Intra-cycle edges: OOMKillEvidence captured within the same restart cycle — sub-millisecond latency confirms synchronous evidence capture before rotation
Cross-cycle edges: OOMKillEvidence events linked back to OOMKill events from prior restart cycles — latency reflects actual restart interval timing (10–30s), not processing delay

Run the full breakdown across all 30 runs:

bash scripts/analyze-latency.sh

Stress Evaluation (Concurrent OOMKill Pods)
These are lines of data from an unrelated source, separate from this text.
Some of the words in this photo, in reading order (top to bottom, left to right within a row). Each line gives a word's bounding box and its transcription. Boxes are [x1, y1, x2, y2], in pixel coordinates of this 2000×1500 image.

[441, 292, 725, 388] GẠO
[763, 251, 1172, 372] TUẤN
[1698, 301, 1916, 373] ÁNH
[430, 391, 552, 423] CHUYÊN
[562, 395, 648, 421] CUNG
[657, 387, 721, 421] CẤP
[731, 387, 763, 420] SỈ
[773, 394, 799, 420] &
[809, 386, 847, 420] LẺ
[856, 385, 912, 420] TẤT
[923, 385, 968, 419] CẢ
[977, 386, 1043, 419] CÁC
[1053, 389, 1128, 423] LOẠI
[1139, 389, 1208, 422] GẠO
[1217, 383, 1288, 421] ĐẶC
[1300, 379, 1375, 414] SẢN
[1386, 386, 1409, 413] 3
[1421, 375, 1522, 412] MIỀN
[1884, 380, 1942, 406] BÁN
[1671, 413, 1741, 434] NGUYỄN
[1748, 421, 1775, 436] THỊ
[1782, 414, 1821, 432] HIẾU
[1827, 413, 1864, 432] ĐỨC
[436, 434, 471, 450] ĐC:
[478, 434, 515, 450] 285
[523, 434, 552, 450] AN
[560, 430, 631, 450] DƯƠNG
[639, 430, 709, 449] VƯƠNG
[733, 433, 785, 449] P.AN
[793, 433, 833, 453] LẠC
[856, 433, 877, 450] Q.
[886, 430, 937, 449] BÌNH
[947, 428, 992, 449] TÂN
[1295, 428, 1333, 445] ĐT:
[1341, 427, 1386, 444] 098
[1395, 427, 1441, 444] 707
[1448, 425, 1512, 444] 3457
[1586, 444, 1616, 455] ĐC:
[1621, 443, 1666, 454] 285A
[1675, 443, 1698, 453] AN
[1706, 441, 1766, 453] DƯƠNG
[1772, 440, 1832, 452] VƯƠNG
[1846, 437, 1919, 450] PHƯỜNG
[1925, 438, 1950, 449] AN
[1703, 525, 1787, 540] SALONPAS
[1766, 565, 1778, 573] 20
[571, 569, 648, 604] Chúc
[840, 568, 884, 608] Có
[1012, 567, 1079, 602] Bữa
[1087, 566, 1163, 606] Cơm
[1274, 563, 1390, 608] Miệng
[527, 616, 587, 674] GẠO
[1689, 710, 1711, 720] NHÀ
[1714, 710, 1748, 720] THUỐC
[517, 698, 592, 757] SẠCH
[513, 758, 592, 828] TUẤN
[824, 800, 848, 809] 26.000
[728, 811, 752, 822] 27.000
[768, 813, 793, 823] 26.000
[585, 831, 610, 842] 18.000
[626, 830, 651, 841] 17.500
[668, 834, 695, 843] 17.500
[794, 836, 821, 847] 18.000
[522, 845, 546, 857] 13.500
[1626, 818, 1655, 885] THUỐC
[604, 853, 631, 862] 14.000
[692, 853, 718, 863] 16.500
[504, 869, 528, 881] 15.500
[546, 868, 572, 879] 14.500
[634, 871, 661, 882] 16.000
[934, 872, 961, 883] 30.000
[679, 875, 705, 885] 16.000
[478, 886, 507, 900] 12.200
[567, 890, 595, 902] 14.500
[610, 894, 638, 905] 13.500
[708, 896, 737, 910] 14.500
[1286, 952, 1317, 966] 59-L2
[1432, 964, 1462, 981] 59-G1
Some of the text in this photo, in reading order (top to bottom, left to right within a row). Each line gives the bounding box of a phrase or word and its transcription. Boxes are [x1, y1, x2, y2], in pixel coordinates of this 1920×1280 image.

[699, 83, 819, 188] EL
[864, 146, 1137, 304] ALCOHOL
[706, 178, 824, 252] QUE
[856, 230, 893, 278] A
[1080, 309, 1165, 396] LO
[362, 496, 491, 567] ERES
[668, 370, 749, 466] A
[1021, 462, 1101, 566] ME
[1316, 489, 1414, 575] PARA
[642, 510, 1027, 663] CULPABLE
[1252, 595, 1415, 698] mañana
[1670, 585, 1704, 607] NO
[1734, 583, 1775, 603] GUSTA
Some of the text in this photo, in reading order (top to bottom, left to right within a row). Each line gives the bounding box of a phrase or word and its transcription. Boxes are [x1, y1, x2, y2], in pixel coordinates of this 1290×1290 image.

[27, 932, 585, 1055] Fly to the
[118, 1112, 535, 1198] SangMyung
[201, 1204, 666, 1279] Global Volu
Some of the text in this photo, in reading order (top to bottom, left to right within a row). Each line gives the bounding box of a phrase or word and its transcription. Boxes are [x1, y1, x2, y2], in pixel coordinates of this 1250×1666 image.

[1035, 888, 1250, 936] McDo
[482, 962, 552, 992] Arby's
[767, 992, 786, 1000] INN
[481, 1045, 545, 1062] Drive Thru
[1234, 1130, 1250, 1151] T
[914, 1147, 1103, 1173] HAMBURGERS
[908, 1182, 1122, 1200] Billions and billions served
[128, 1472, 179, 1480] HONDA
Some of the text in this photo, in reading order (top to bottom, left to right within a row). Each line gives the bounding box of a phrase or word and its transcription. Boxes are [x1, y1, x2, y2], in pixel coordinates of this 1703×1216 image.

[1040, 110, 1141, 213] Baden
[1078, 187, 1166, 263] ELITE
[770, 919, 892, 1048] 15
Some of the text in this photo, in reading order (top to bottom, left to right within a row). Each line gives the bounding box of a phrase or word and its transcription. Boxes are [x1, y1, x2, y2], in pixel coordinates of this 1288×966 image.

We deployed 5, 10, and 20 simultaneous crash-looping pods on Minikube for 120 seconds each:

Pods	Events	Events/sec	Edges	Collector RAM	Collector CPU
5	95	0.77	51	7.9 MB	<0.1%
10	175	1.43	90	8.2 MB	<0.1%
20	355	2.86	197	8.8 MB	<0.1%

Event ingestion scales linearly with pod count. Collector memory stays flat at 8–9 MB regardless of load — the streaming JSONL model accumulates no in-memory state.

What kubectl Cannot Do

Capability	kubectl	OMA
OOMKill evidence after restart	Lost in <90s	Preserved indefinitely
Resource limits at kill time	Lost with pod	Frozen in snapshot
ConfigMap in effect at failure	Not available	Captured with refs
Stale env var detection	Not possible	P002 pattern
State of deleted objects	`Error (NotFound)`	Q3 state-at query
Causal chain reconstruction	Not possible	Q1 with edges
Pattern recurrence detection	Not possible	Q2 with escalation

Repository Structure

k8s-causal-memory/
├── collector/              # Go Kubernetes event collector
│   ├── main.go
│   ├── watcher/            # Pod, Node, ConfigMap watchers
│   ├── patterns/           # P001, P002, P003 encoders
│   └── emitter/            # JSONL output
├── storage/                # Python storage and query layer
│   ├── schema.sql          # SQLite schema (4 tables)
│   ├── ingest.py           # JSONL → SQLite + causal edge construction
│   ├── query.py            # Q1 / Q2 / Q3 canonical queries
│   └── api.py              # REST API (Layer 4)
├── scenarios/
│   ├── 01-oomkill/         # P001: OOMKill causal chain
│   ├── 02-configmap-env/   # P002: Env var silent misconfiguration
│   └── 03-configmap-mount/ # P003: Volume mount symlink swap
├── scripts/
│   └── analyze-latency.sh  # Bimodal latency breakdown across 30 runs
├── docs/
│   ├── architecture.md
│   └── poc-results/        # Committed JSONL + query outputs (reproducible)
│       ├── 01-oomkill/
│       ├── 02-configmap-env/
│       ├── 03-configmap-mount/
│       ├── aks-final/      # AKS 1.32.10 run
│       ├── latency-stats/  # 30-run statistical latency analysis
│       └── stress-eval/    # 5/10/20 pod concurrent stress evaluation
├── run-latency-stats.sh    # Automates 30-run latency collection
├── run-stress-eval.sh      # Automates stress evaluation
└── save-results.sh         # Preserve run output to docs/poc-results/

Scenarios

Scenario 01: OOMKill (P001)

Deploys a pod with a 64Mi memory limit configured to allocate 128Mi. Captures the full OOMKill causal chain before the 90-second evidence horizon.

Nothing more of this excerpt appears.